*** Block opens ***
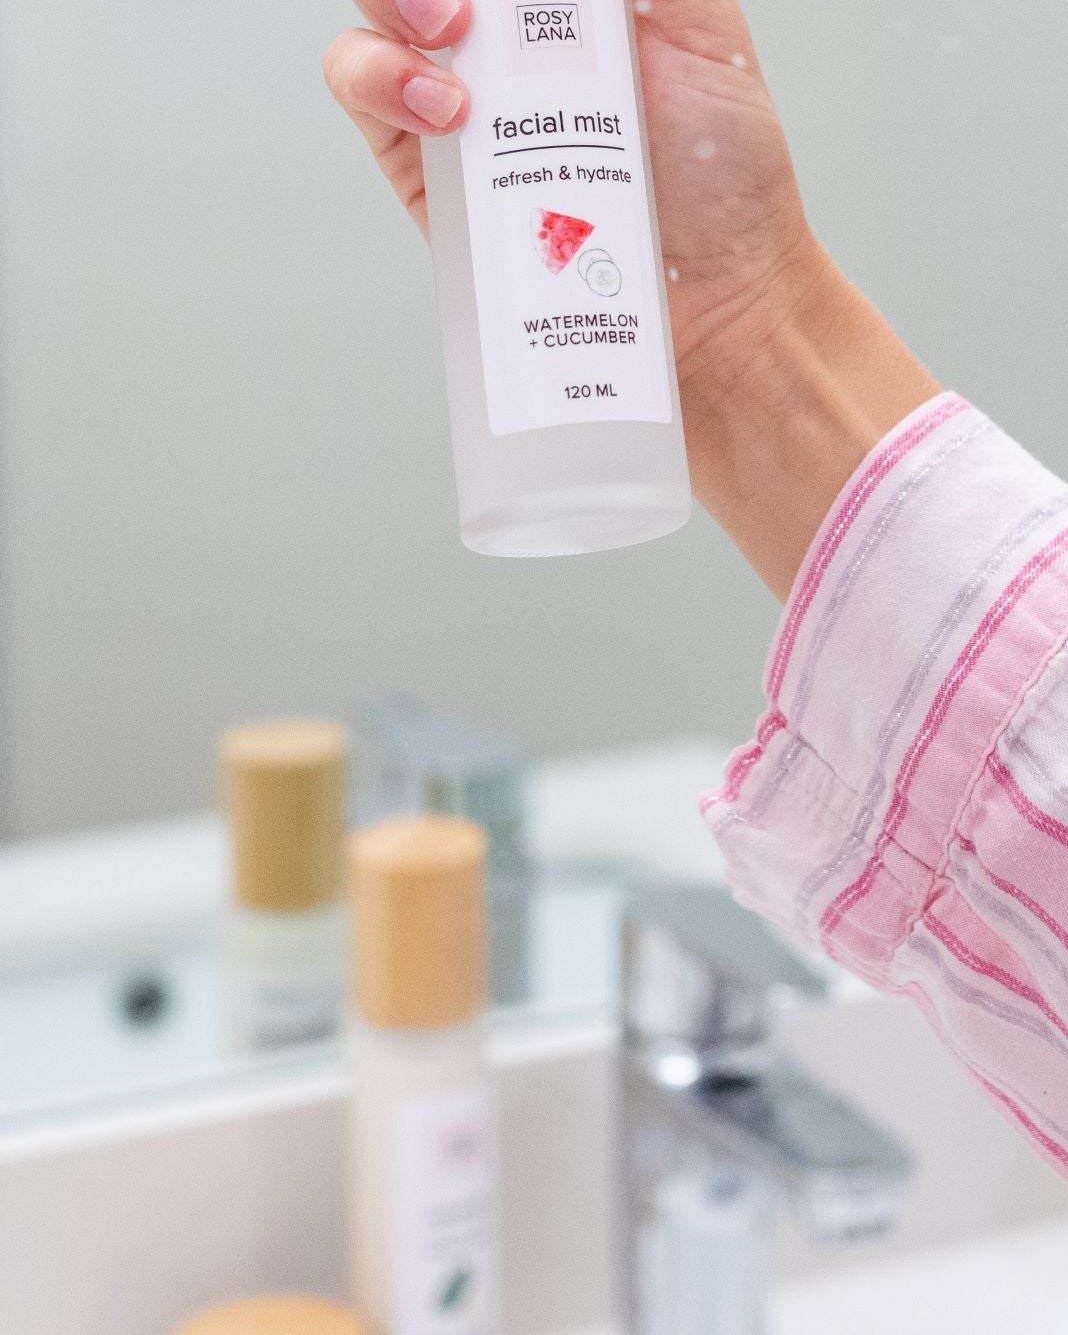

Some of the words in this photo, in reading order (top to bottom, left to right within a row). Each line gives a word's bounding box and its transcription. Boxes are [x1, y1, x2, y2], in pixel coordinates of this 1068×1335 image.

[523, 10, 573, 27] ROSY
[525, 26, 577, 43] LANA
[492, 110, 565, 141] facial
[574, 111, 622, 136] mist
[492, 167, 553, 190] refresh
[558, 165, 572, 181] &
[576, 164, 632, 184] hydrate
[523, 313, 639, 334] WATERMELON
[543, 330, 637, 348] CUCUMBER
[564, 384, 591, 399] 120
[595, 383, 618, 397] ML
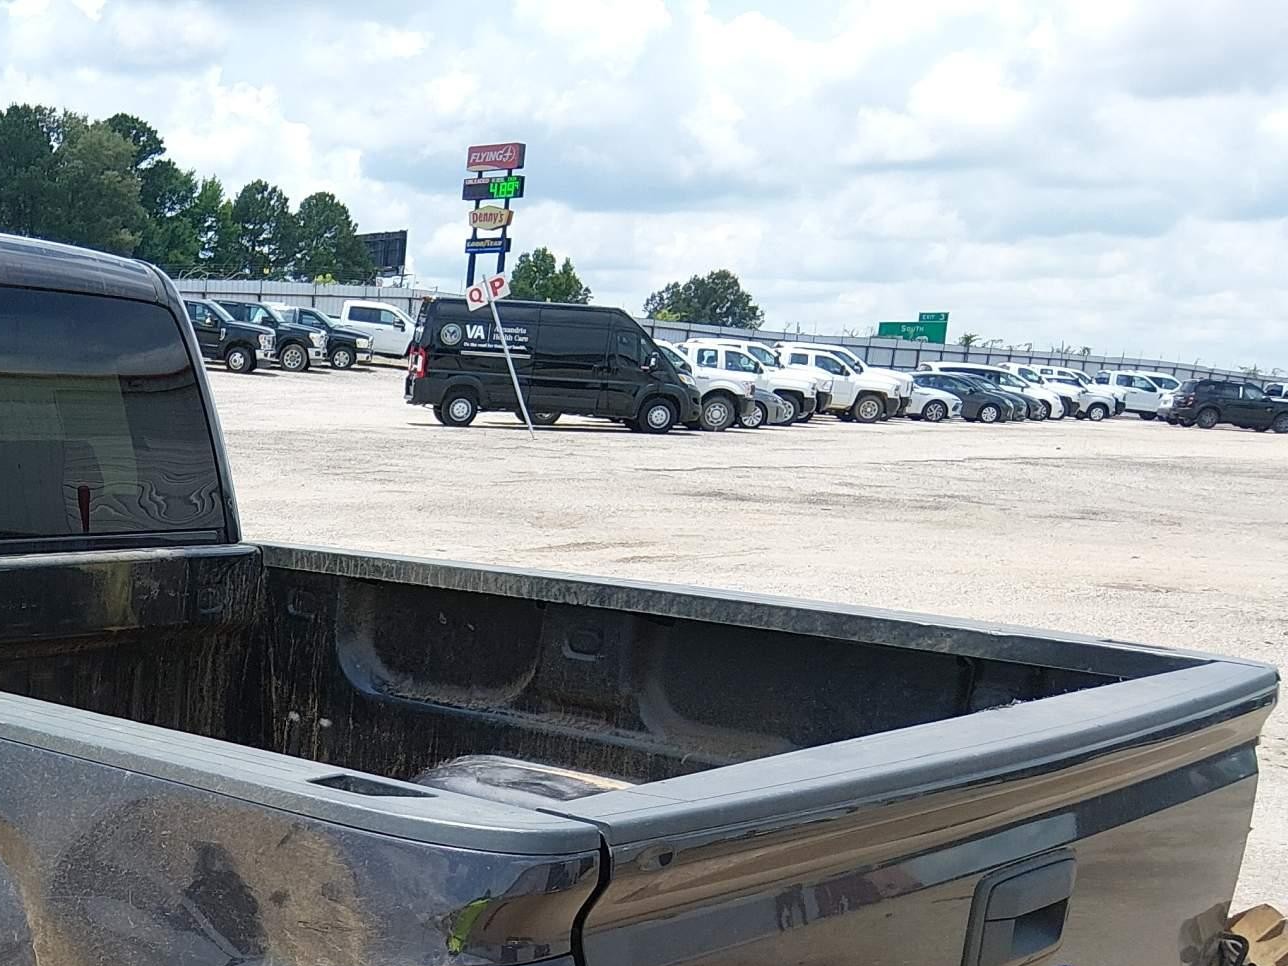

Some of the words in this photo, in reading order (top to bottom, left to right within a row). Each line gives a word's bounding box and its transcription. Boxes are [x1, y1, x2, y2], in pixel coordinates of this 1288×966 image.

[470, 151, 504, 163] FLYING
[472, 211, 505, 225] Denny's
[489, 277, 505, 298] P
[469, 287, 485, 303] Q
[465, 325, 485, 339] VA
*** Block closes ***
Print every record exactly, without the pictures.

Some of the words in this photo, in reading order (top to bottom, left to right within a row). Each line gives a word's bounding box and its transcription. Boxes are [x1, y1, x2, y2], in pixel coordinates of this 1068×1335 image.

[523, 10, 573, 27] ROSY
[525, 26, 577, 43] LANA
[492, 110, 565, 141] facial
[574, 111, 622, 136] mist
[492, 167, 553, 190] refresh
[558, 165, 572, 181] &
[576, 164, 632, 184] hydrate
[523, 313, 639, 334] WATERMELON
[543, 330, 637, 348] CUCUMBER
[564, 384, 591, 399] 120
[595, 383, 618, 397] ML

Some of the words in this photo, in reading order (top to bottom, left to right within a row). Each line gives a word's bounding box and its transcription. Boxes are [x1, y1, x2, y2], in pixel coordinates of this 1288×966 image.

[470, 151, 504, 163] FLYING
[472, 211, 505, 225] Denny's
[489, 277, 505, 298] P
[469, 287, 485, 303] Q
[465, 325, 485, 339] VA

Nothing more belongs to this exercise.